You can read also these documents about tombstones:
about-deletes-and-tombstones
cassandra-tombstones-collections
You can view this video about tombstones:
https://www.youtube.com/watch?v=olTsTxpBFqc&feature=youtu.be&t=270
• Use DESC sort to minimize impact of tombstones, if I do a descending sort by trying to get recent data.
You can read also this document:
range-tombstones
• Use inverted indexes to help where data duplication or nesting is not appropriate.
• Use DataStax drivers to ensure coordinator workload is spread evenly across cluster.
• Use the token Aware load balancing policy: allows you to go directly to the data of the data by avoiding to go to the coordinator.
• Use Prepared Statements (where appropriate), if you do a query a lot of time, you will see performance gain if you use that.
• Put OpsCenter’s database on a dedicated cluster.
• Size the cluster for peak anticipated workload: for example for load balancing or bench marking.

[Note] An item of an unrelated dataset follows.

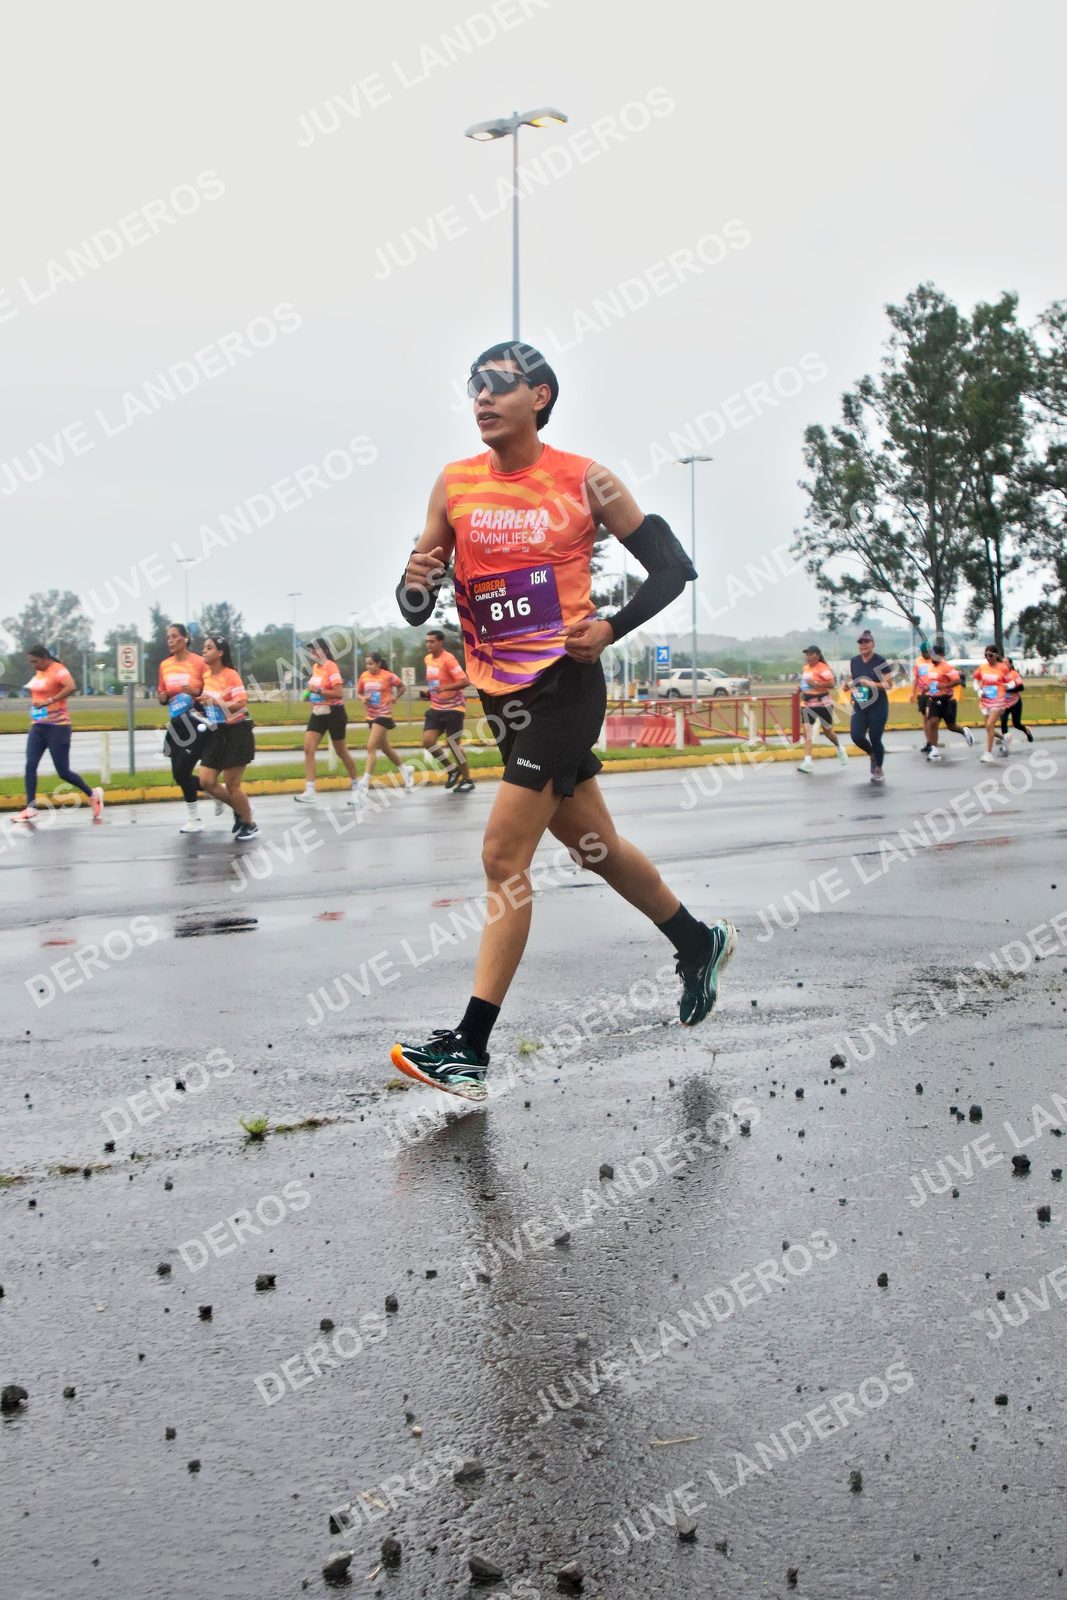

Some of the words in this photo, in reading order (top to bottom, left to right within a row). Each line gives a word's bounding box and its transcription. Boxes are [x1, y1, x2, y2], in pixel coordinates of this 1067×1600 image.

• Use a 10G network between nodes to avoid network bottlenecks.
• On JVM hand memery size, the number one is RAM and the CPU if we want Garbage Collection to run faster, so ensure there is adequate RAM to keep active data in memory.
• Understand how heap allocation affects performance.
• Look at how the key cache affects performance in memory.
• Understand bloom filters and their impact in memory: we can tune it on the table by the false positive bloom filter to eliminate unnecessary disk seek.
• Disable swap: swap can cause problem and it will be very very difficult to reproduce, we have to disable it by the command:
sudo swapoff –a
• Remove all swap files on /etc/fstab by:
sed -i 's/^(.*swap)/#1/' /etc/fstab
• Look at the impact of memtables on performance: by default, memtables take records by heap then the more memtables we have, the more flushing them on the disk, then the more disk IO, so understanding, how many we have, how many they are flushing
What are some Cassandra/environment anti-patterns?
1. Network attached storage. Bottlenecks include: when you put Cassandra on the SAN, it like you are putting it on the top on storage system also Cassandra has sequential pattern of reads and writes. Advice is don’t use SAN plus it will be cheaper.
Use Cassandra on the SAN will increase network latency to all of operations.
• Router latency
• Network Interface Card (NIC)
• NIC in the NAS device
2. Shared network file systems.
3. Excessive heap space size: that can cause the JVM pause time very high because running it memory takes time.
• Can impair the JVM’s ability to perform fluid garbage collection.
4. Load balancers: don’t put load balancers between applications in Cassandra because Cassandra has the load balancer built into the drivers.
5. Queues and queue-like datasets: don’t use Cassandra like a queue.
• Deletes do not remove rows/columns immediately.
• Can cause overhead with RAM/disk because of tombstones.
• Can affect read performance if data not modeled well.